O primeiro tempo na Bombonera seria bastante equilibrado. O Boca Juniors começou com um pouco mais de iniciativa e chegaria a acertar uma bola no travessão, com Villa, em lance que acabaria anulado por impedimento. O colombiano era quem mais aparecia entre os xeneizes, dando trabalho a Pará e Lucas Veríssimo pelo lado esquerdo. Com o passar dos minutos, o Santos passou a encontrar mais espaços para atacar em velocidade. A entrada de Soteldo fazia sentido, especialmente pela maneira como o venezuelano tentava expor os marcadores com suas arrancadas pela esquerda. A primeira finalização certa do Peixe viria aos 23, com Pituca testando Esteban Andrada no meio do gol.

Não foi um primeiro tempo muito vistoso, com poucas chances de gol e as defesas prevalecendo na maior parte das vezes, mesmo quando pareciam mais vulneráveis.
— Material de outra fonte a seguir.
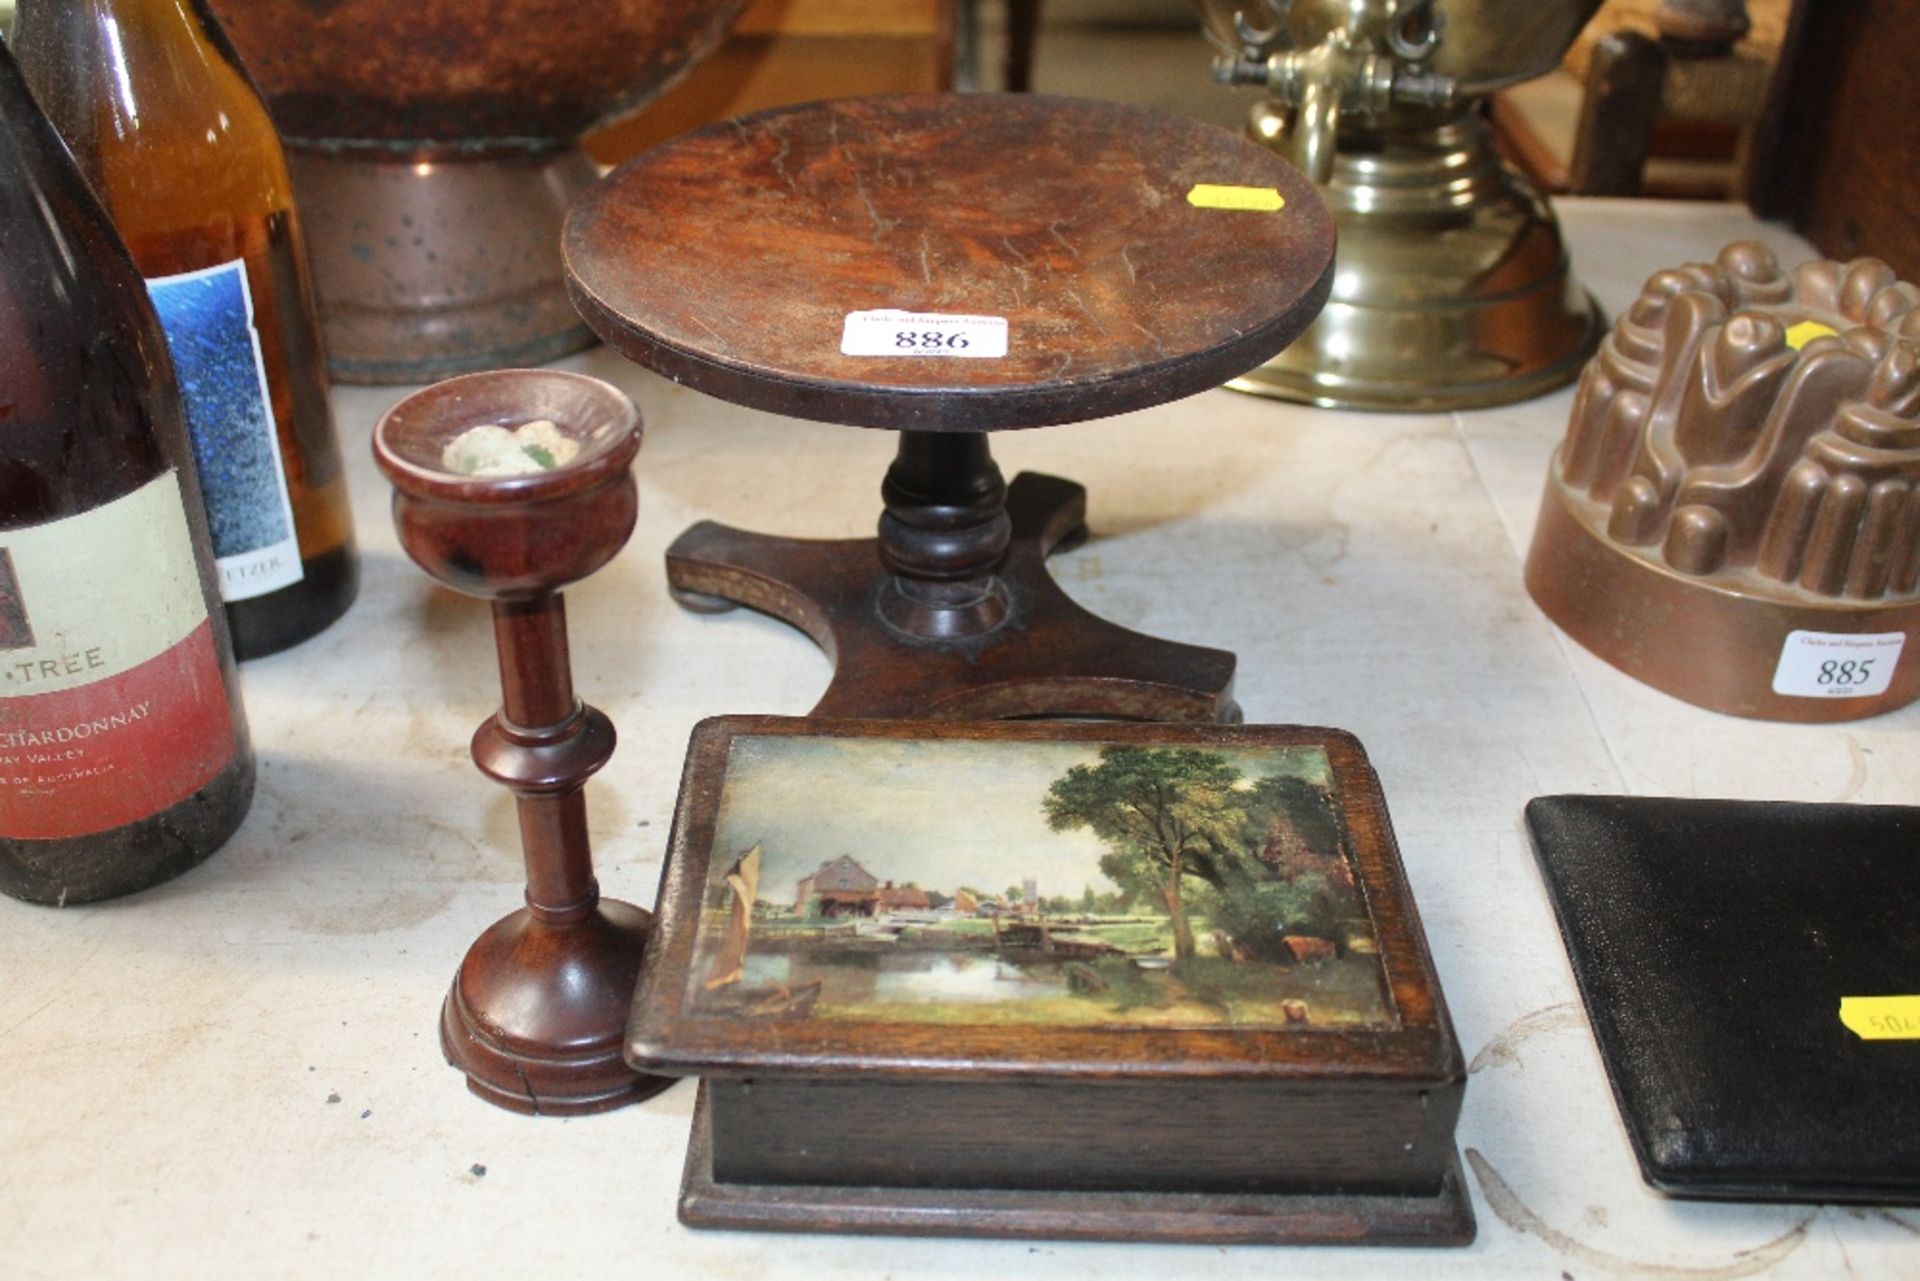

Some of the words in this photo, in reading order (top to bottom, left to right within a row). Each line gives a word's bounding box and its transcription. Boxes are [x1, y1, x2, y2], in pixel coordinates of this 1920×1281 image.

[895, 331, 970, 349] 886
[1817, 659, 1876, 685] 885
[26, 749, 85, 763] VALLEY
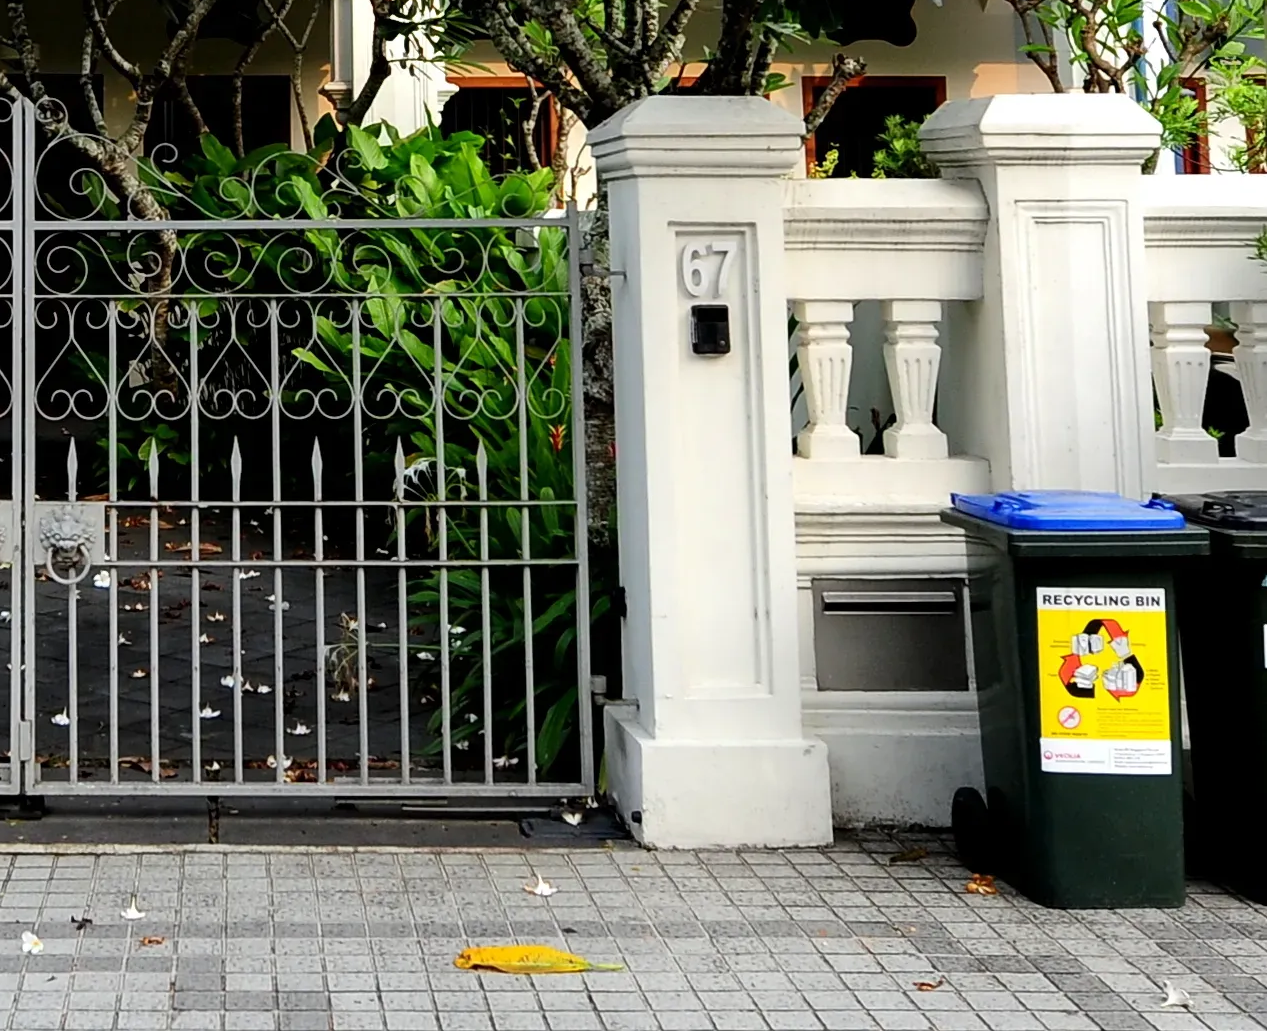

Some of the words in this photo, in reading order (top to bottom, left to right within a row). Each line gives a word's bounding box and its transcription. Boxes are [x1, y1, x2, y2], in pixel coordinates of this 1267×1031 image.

[682, 242, 737, 297] 67
[1042, 594, 1130, 606] RECYCLING
[1135, 595, 1161, 606] BIN
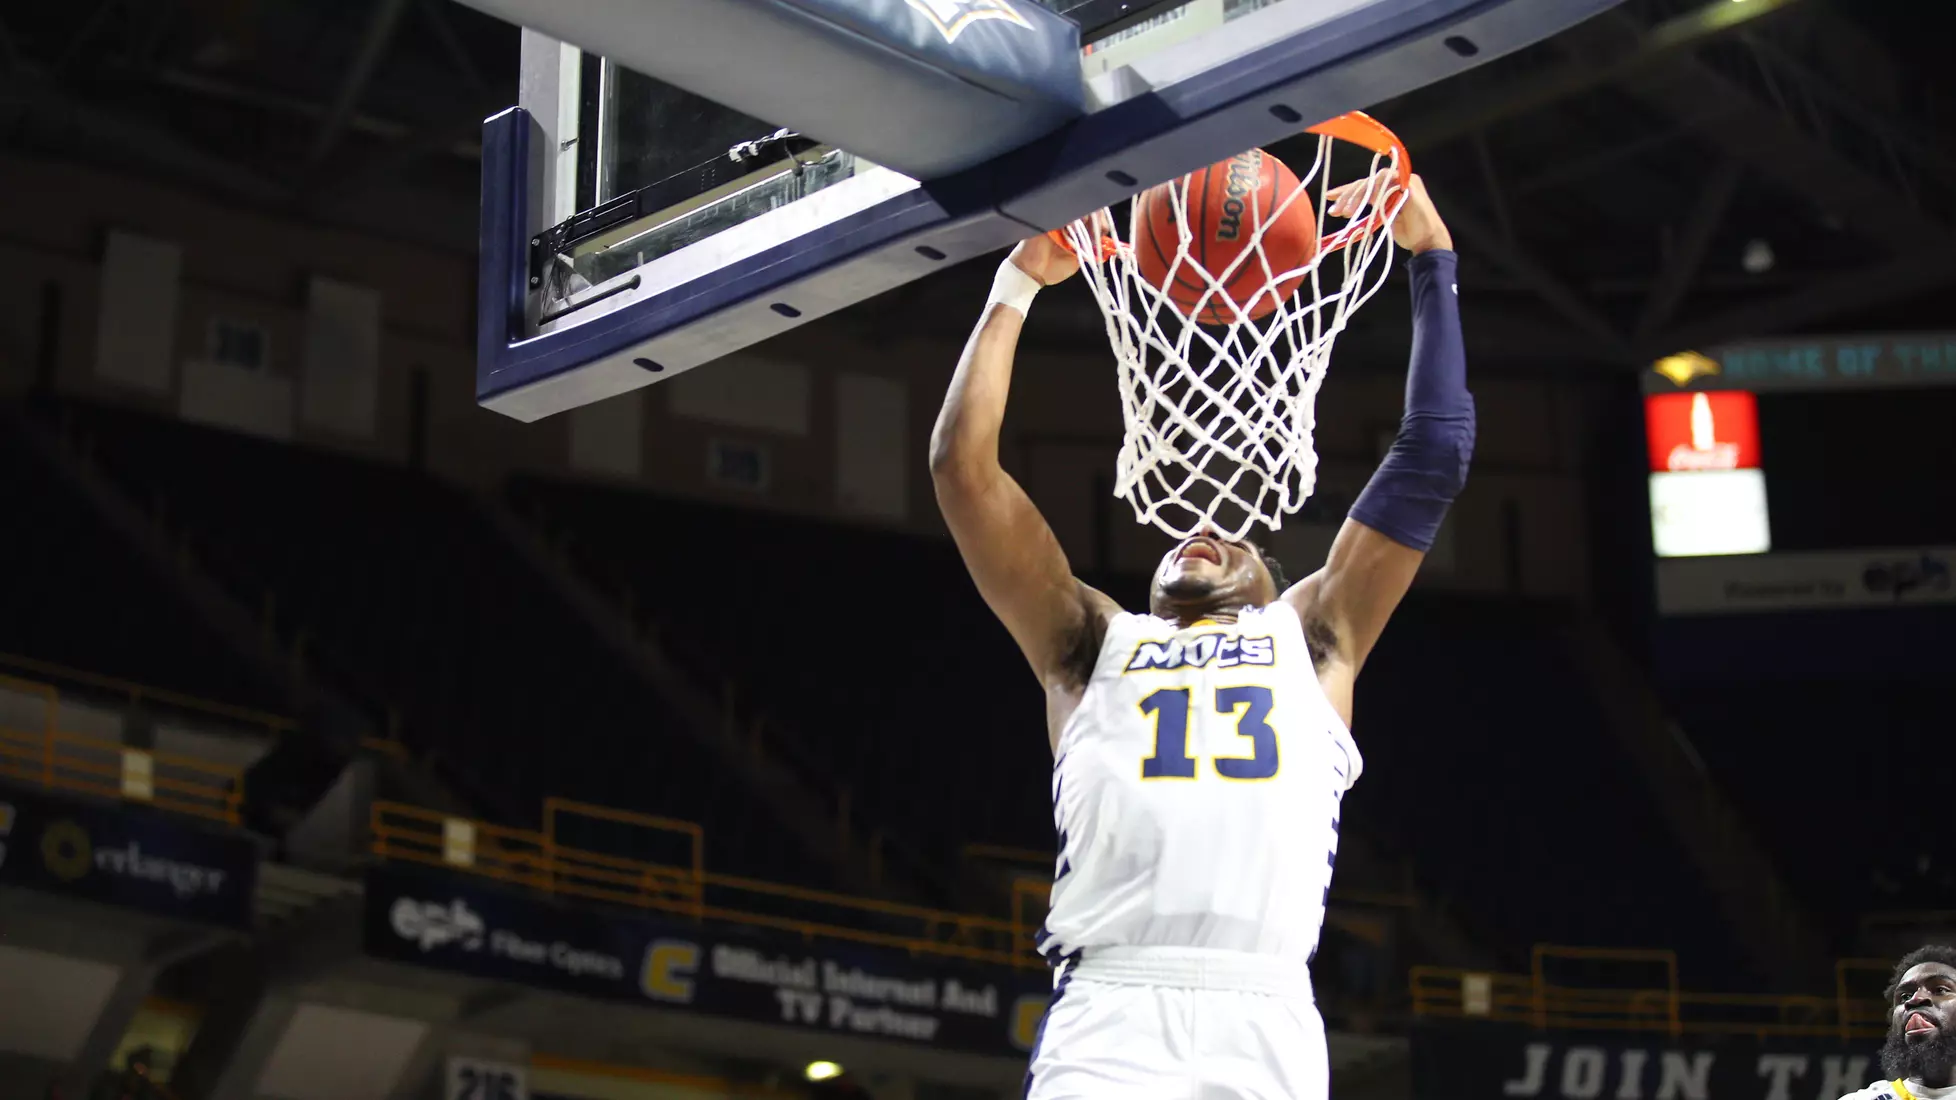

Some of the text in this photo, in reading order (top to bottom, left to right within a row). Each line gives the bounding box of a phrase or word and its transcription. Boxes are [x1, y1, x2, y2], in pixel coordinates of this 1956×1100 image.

[1123, 632, 1275, 674] MOCS
[1137, 683, 1281, 781] 13
[711, 943, 818, 989] Official
[822, 959, 937, 1009] Internet
[773, 987, 942, 1042] TV Partner
[1504, 1043, 1717, 1100] JOIN
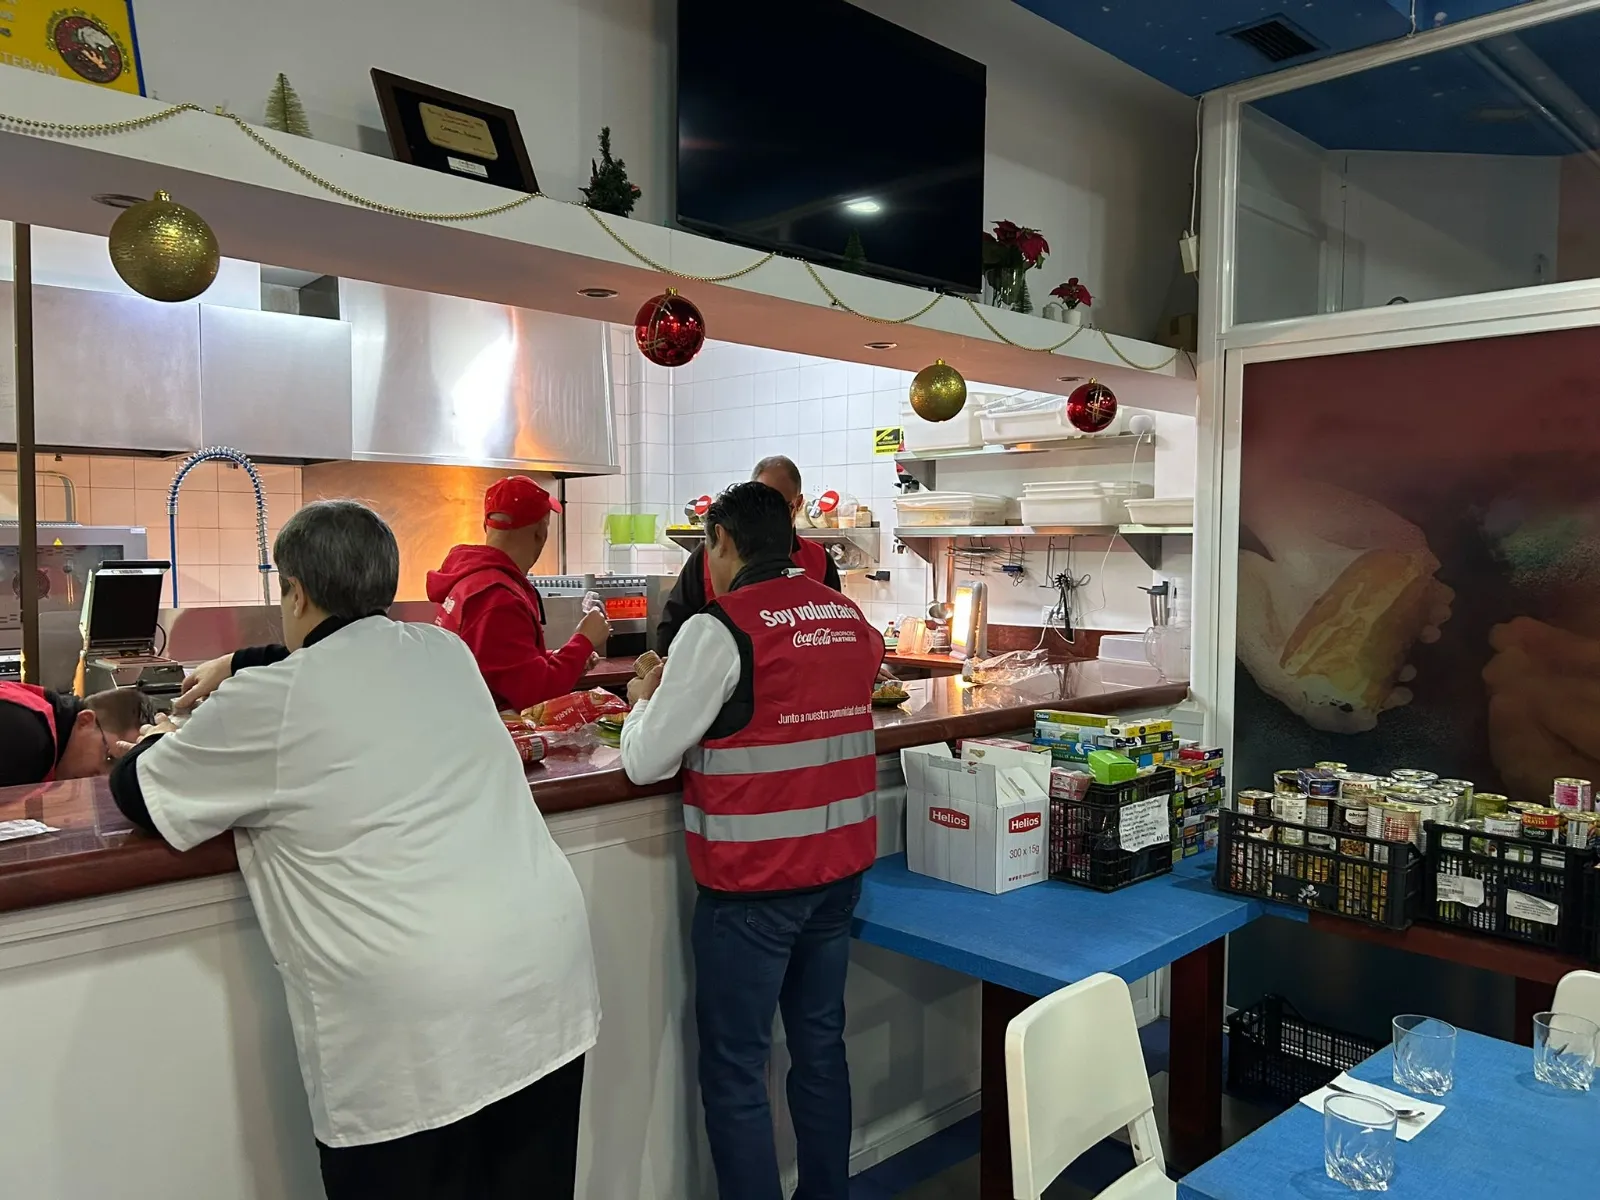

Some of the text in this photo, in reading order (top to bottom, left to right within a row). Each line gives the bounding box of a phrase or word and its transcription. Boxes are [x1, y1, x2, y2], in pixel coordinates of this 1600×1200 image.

[759, 608, 796, 627] Soy
[778, 713, 800, 724] Junto
[800, 714, 805, 722] a
[932, 810, 967, 826] Helios
[1011, 817, 1039, 830] Helios
[1009, 848, 1021, 859] 300
A estratégia do Santos era interessante, dependendo apenas de um bom ataque para fazer estrago. Apesar das boas ações de Soteldo, faltava construir um pouco melhor as jogadas, sem tanta colaboração dos companheiros de frente. Era uma postura relativamente agressiva do Peixe, que ficava até com mais a posse de bola na Bombonera. Além disso, os santistas marcavam bem, sem dar espaço a Tevez na cabeça de área. O Boca dependia de Villa, que mudaria de lado, incomodando depois pela direita. Pouco antes do intervalo, Marinho tentaria surpreender Andrada, mas o goleiro pegou em dois tempos.

Na volta ao segundo tempo, o Boca Juniors apresentou outra postura. Os xeneizes se adiantaram em campo e empurraram o Santos para trás. Salvio começou a aparecer e exigiu uma boa defesa de John logo no primeiro minuto, em chute forte. Os argentinos dominavam as ações e, quando o Peixe tentou responder, o bom lance de Felipe Jonathan foi anulado por um toque de mão. Os alvinegros só voltaram a equilibrar as ações aos 11 minutos, quando Cuca decidiu garantir mais força ao meio-campo com a entrada de Sandry. Soteldo deu lugar ao garoto, numa escolha que não parecia tão lógica, diante do primeiro tempo do venezuelano.

O Santos melhorou com a mudança e o próprio Sandry tentaria se aproximar mais do ataque para arriscar. Marinho e Kaio Jorge também insistiriam, numa sequência de arremates dos alvinegros. O Boca tentaria mais uma resposta com a entrada de Edwin Cardona, mas o colombiano não surtiu a capacidade ofensiva imaginada por Miguel Ángel Russo. Os xeneizes permaneciam com dificuldades na criação e não davam muito trabalho a John. Quando Tevez encontrou um pouco mais de espaço para finalizar, mandou para fora.

O lance capital aconteceu aos 29 minutos. Numa boa arrancada pela direita, Marinho aproveitou o erro da marcação e ia passando à linha de fundo quando foi derrubado por Carlos Izquierdoz. O árbitro Roberto Tobar até apontou a marca da cal, mas voltou atrás após a orientação da cabine do VAR. Causou muita estranheza a mudança, até porque o juiz de campo não conferiu o lance no monitor – e o contato do defensor era mesmo suficiente à marcação do penal. Sem a penalidade, o Peixe precisaria manter sua postura, sem se descuidar.

O final da partida seria mais arrastado. O Boca até realizou novas trocas, tentando aumentar a força nas laterais e acionando Ramón Ábila. De novo, prevalecia o bom trabalho defensivo do Santos, travando muito bem os xeneizes na cabeça de área. Porém, talvez sentindo um pouco mais o cansaço, os alvinegros não construíam muito no ataque. Faltavam mais combinações na frente e sobrava certa afobação, sem que Andrada tivesse que trabalhar mais. Os santistas pareciam satisfeitos com o resultado, mesmo que as circunstâncias pudessem render uma vitória. Somente nos acréscimos o Boca faria os adversários prenderem a respiração, mas Leonardo Jara não aproveitou a chance na área e bateu por cima do gol.

O Santos mostrou condições para vencer o Boca Juniors dentro da Bombonera e leva esse favoritismo à Vila Belmiro. O Peixe teve uma estratégia mais clara e funcionou melhor coletivamente. Faltou aproveitar um pouco melhor seus contra-ataques, mesmo que o lamento fique pelo pênalti negligenciado. Os xeneizes podem ter uma história respeitável na Libertadores, mas oscilam demais nesta edição e se mostram dependentes de lampejos individuais. Time por time, os santistas parecem estar um passo à frente, mesmo com o empate.